Deciding which risks in human gene editing are acceptable is not a single technical judgment but a layered social process that combines scientific evidence, regulatory frameworks, ethical review, and public values. Risk assessment begins in laboratories and clinics where researchers characterize safety and efficacy, but judgments about acceptability require institutions that translate evidence into rules and social commitments.

Expert and regulatory roles
Scientific bodies evaluate technical risks. The National Academies of Sciences, Engineering, and Medicine recommends rigorous preclinical research, transparent reporting, and independent oversight before any clinical applications proceed, and it urges broad societal deliberation before heritable germline interventions move toward practice. The World Health Organization has convened expert advisory groups and proposed a global registry and governance mechanisms to coordinate oversight across borders and to discourage premature clinical use of germline editing until safety, effectiveness, and ethical concerns are addressed. Individual scientists also shape norms: Jennifer Doudna, University of California, Berkeley, has publicly urged international governance and restraint, arguing that technical possibility does not by itself justify clinical deployment.

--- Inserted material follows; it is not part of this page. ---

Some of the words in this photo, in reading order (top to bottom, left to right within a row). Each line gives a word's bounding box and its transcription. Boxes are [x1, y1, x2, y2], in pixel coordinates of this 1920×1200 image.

Ethics committees and professional societies translate scientific risk into policy. Institutional review boards, national regulators and professional licensing bodies weigh potential clinical benefits against harms, equity, and consent. Legal frameworks vary by country, producing different thresholds for acceptable risk. The widely condemned case of researcher He Jiankui, who announced edited embryos leading to live births, demonstrated how unilateral action outside accepted regulatory processes can provoke legal sanctions and reinforce calls for stronger oversight.

Public values and cultural contexts
Acceptable risk is also a cultural and political judgment. Bioethicists such as Françoise Baylis, Dalhousie University, emphasize that communities must consider broader social consequences including justice, reproductive autonomy, and the risk of exacerbating inequalities. Public engagement exercises organized by researchers and institutions reveal divergent priorities: some communities prioritize therapeutic benefits for serious inherited disease, while others highlight concerns about eugenic uses, stigma, or altering future generations without their consent. Indigenous and marginalized populations may view gene editing through histories of medical exploitation and territorial sovereignty, insisting that consent processes and benefit-sharing account for cultural values and collective rights.

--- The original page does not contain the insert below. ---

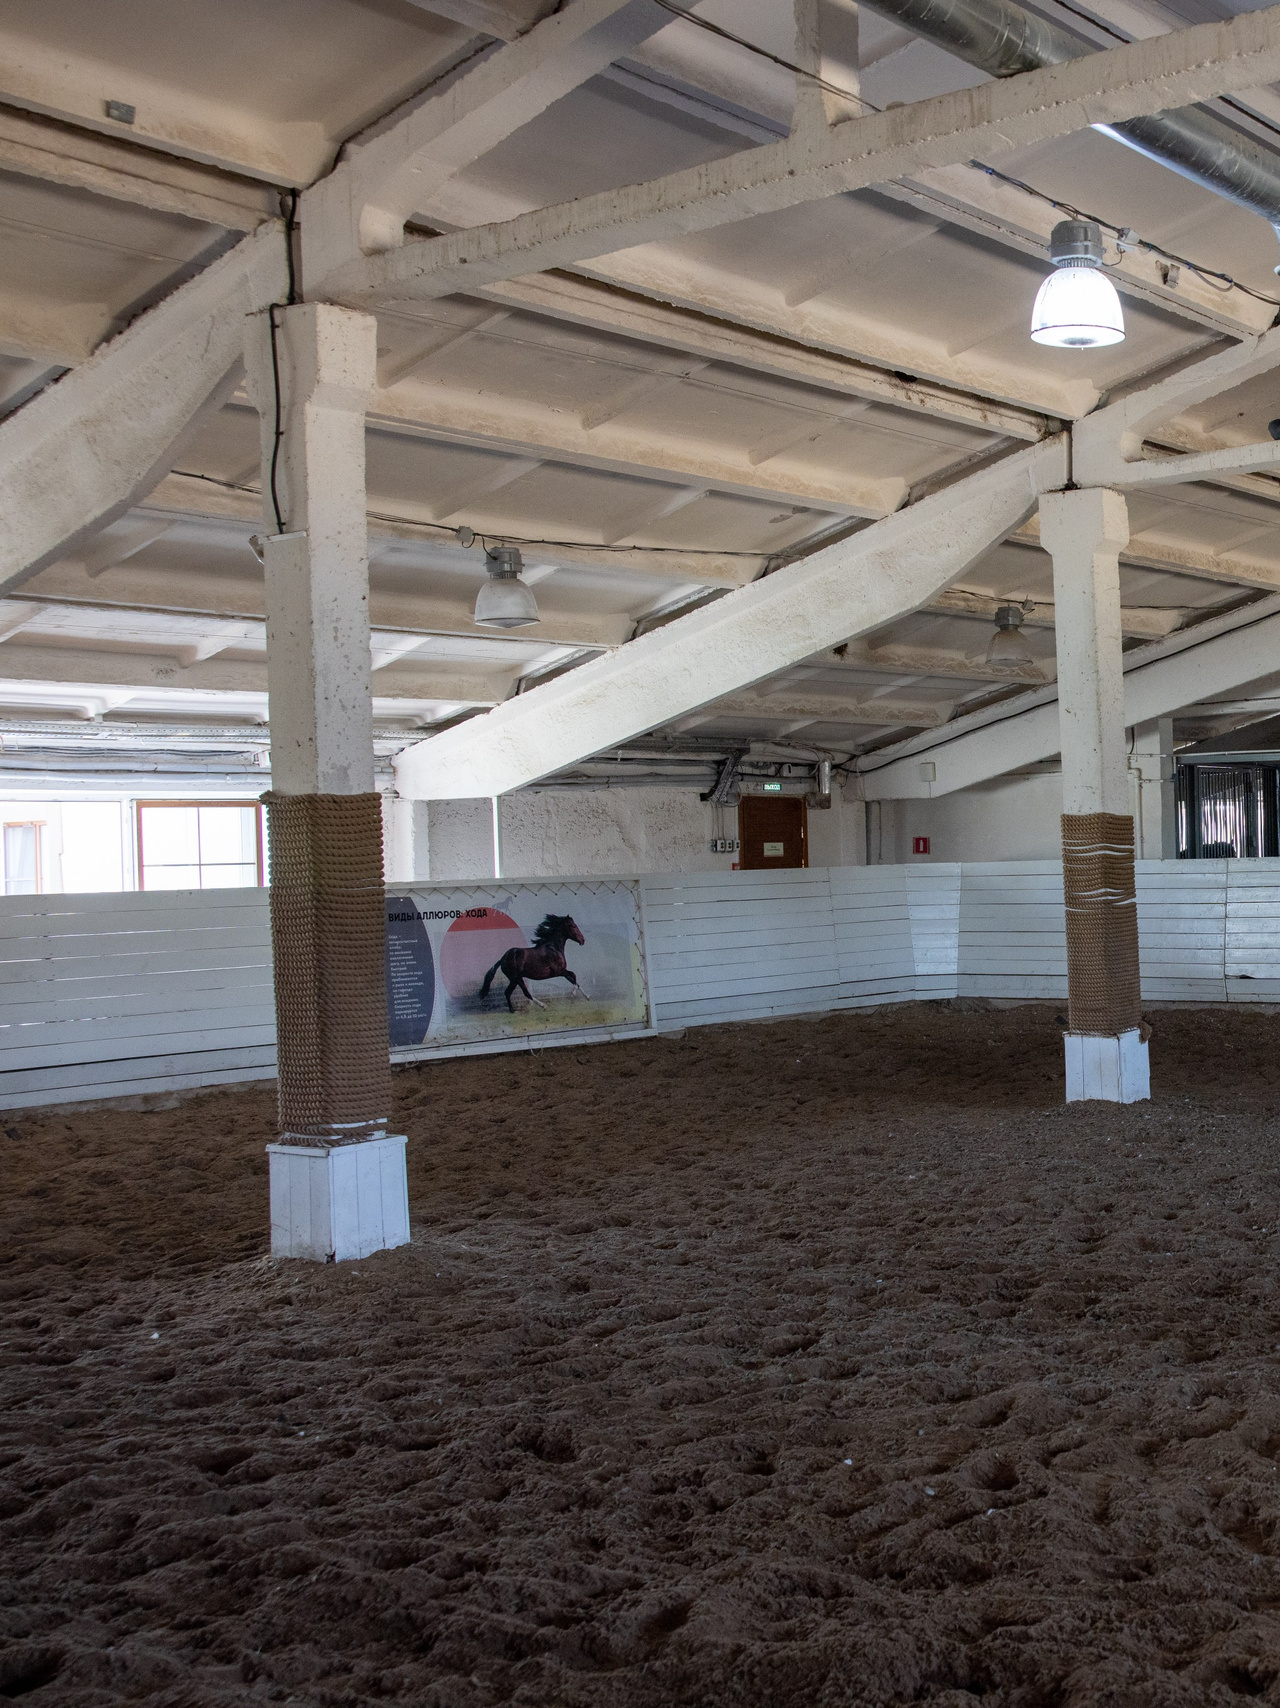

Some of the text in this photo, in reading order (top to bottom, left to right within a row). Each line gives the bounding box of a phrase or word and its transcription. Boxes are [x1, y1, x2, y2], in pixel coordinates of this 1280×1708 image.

[388, 908, 488, 923] ВИДЫ АЛЛЮРОВ: ХОДА

Consequences and territorial implications
How societies resolve acceptable risk has practical consequences. Permissive regimes can spur medical innovation but also create cross-border “research tourism” and regulatory arbitrage that shift harms onto vulnerable populations. Strict bans can limit access to potentially life-saving therapies and drive research underground. Environmental and intergenerational concerns complicate assessments: heritable edits carry potential impacts that extend beyond individuals to families, communities, and future citizens. International coordination can reduce destructive competition and promote shared standards, but such coordination must respect national sovereignty and cultural diversity.

Ultimately, acceptable risk in human gene editing is determined through interaction among scientists, regulators, ethicists, and the public, mediated by institutions with the authority to enforce rules. Trustworthy governance requires transparent evidence generation, inclusive deliberation, and mechanisms that make decisions accountable to those most affected.